Skating-wise Habitat’s transfer-happy Daryl Angel brings his brand of inoffensive modern skateboarding to spots in San Jose, Europe and, er, China, and wages his ongoing battle against the bland through two songs, but the dude manages to turn up the heat around the time the half-cab feeble grind; the up-down Far East rail combo is a head-nodder, if a little predictable for someone to do at that spot, and he flexes gnar chops on the gap to pole jam and an AVE line reconstruction. Other shit like that f/s halfcab nosegrind and the kinked b/s smith point at potential but the footage needs an editor more than anything else.

Jolting between China, SoCal and points unknown, Shane Oneill and Theotis Beasley go blow-for-blow in one of the more effect tag-team/cameo combos recently, and for whatever reason the Nugget’s footage here went over better than his part for the novelty t-shirt purveyor Skate Mental… it could be the song, which probably is one of the best in a skate vid so far this year, or the Beasley backside double-flip, or maybe just the filming which is really on point throughout this whole production and helps the between-skating clips go down a lot easier.

Grant Taylor seems to be refocusing on which grabs look the coolest these days, moving away from his sophisticated take on 50-50 grinds in the Alien video, though he packs a cool block gap backside lipslide into his bud-green drug rug. A few months back I was kind of bummed that his “Mind Field” section didn’t have more transition skating but he roars through the bowls here, blasting this crazy transfer out of the whoop-de-whoops and puddle jumping with the bros before rekindling the dashed dreams of one Frankie Hill. The power beanie gets a lot of play with Justin Brock, who rumbles through spots like a rainbow-colored rockslide with a different array of tricks – bigspin grabs above the coping and a pretty impressive run through the pipes. Somebody more pool-inclined than I will have to determine whether a willy grind on backyard transition is legit, but if the sea-green stocking hat didn’t convince you Justin Brock’s going for it, that move oughtta help.

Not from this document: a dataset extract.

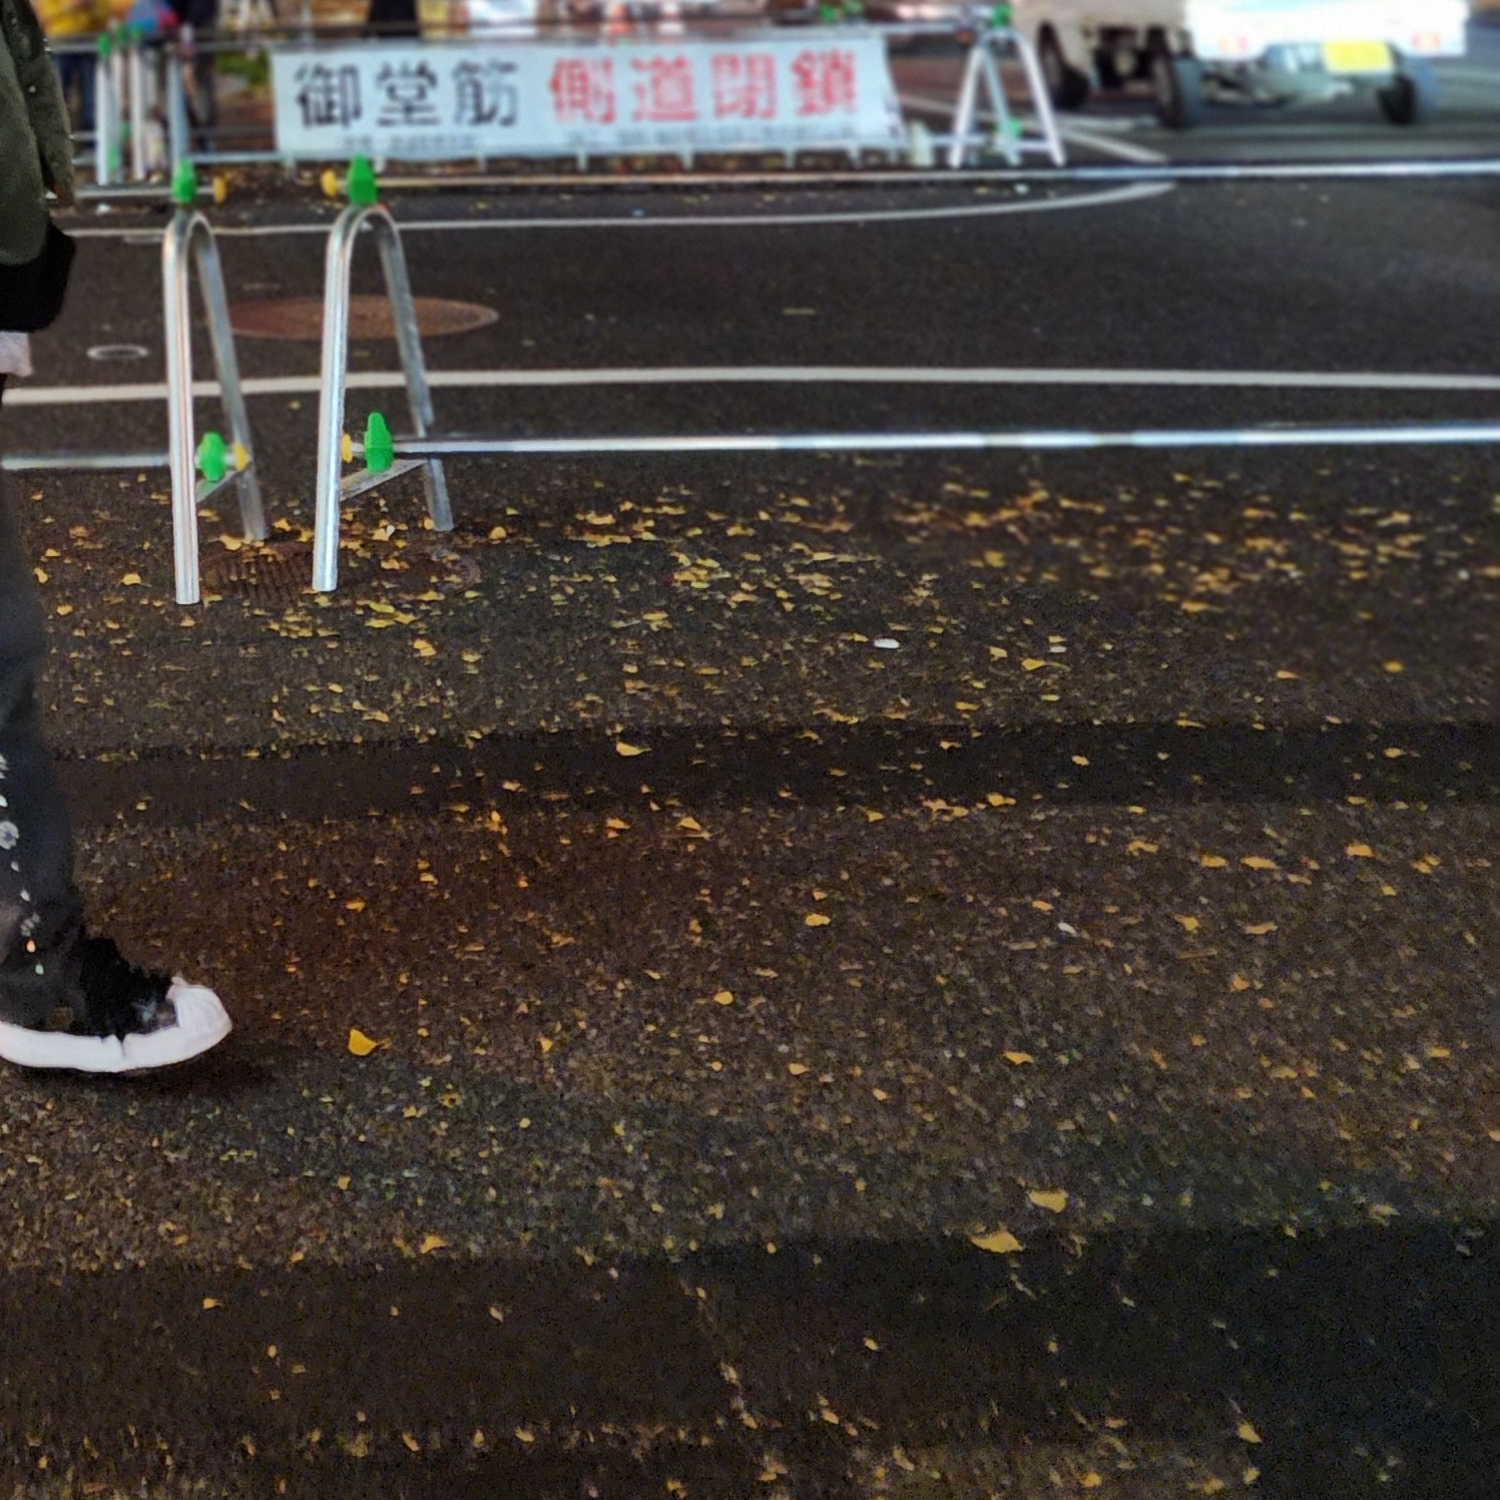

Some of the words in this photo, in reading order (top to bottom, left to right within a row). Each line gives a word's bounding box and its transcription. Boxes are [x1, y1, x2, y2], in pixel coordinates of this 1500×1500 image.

[294, 59, 518, 129] 御堂筋
[548, 47, 857, 125] 側道閉鎖

Really the hero of this vid has to be Jason Hernandez, who mixes Zero-style editing slices with some of the more interesting lifestyle clips (like David Clark in the window) to move “Debacle” along at precisely the right pace, clocking in under the critical 20-minute mark if you don’t count the credits. It’s a testament to restraint and judicious cutting, especially considering how a lot of filmers still seem held in thrall by the picture quality that HD camcorders afford. Now begins a new debate: is HD video destroying video grabs’ low-fi kitsch?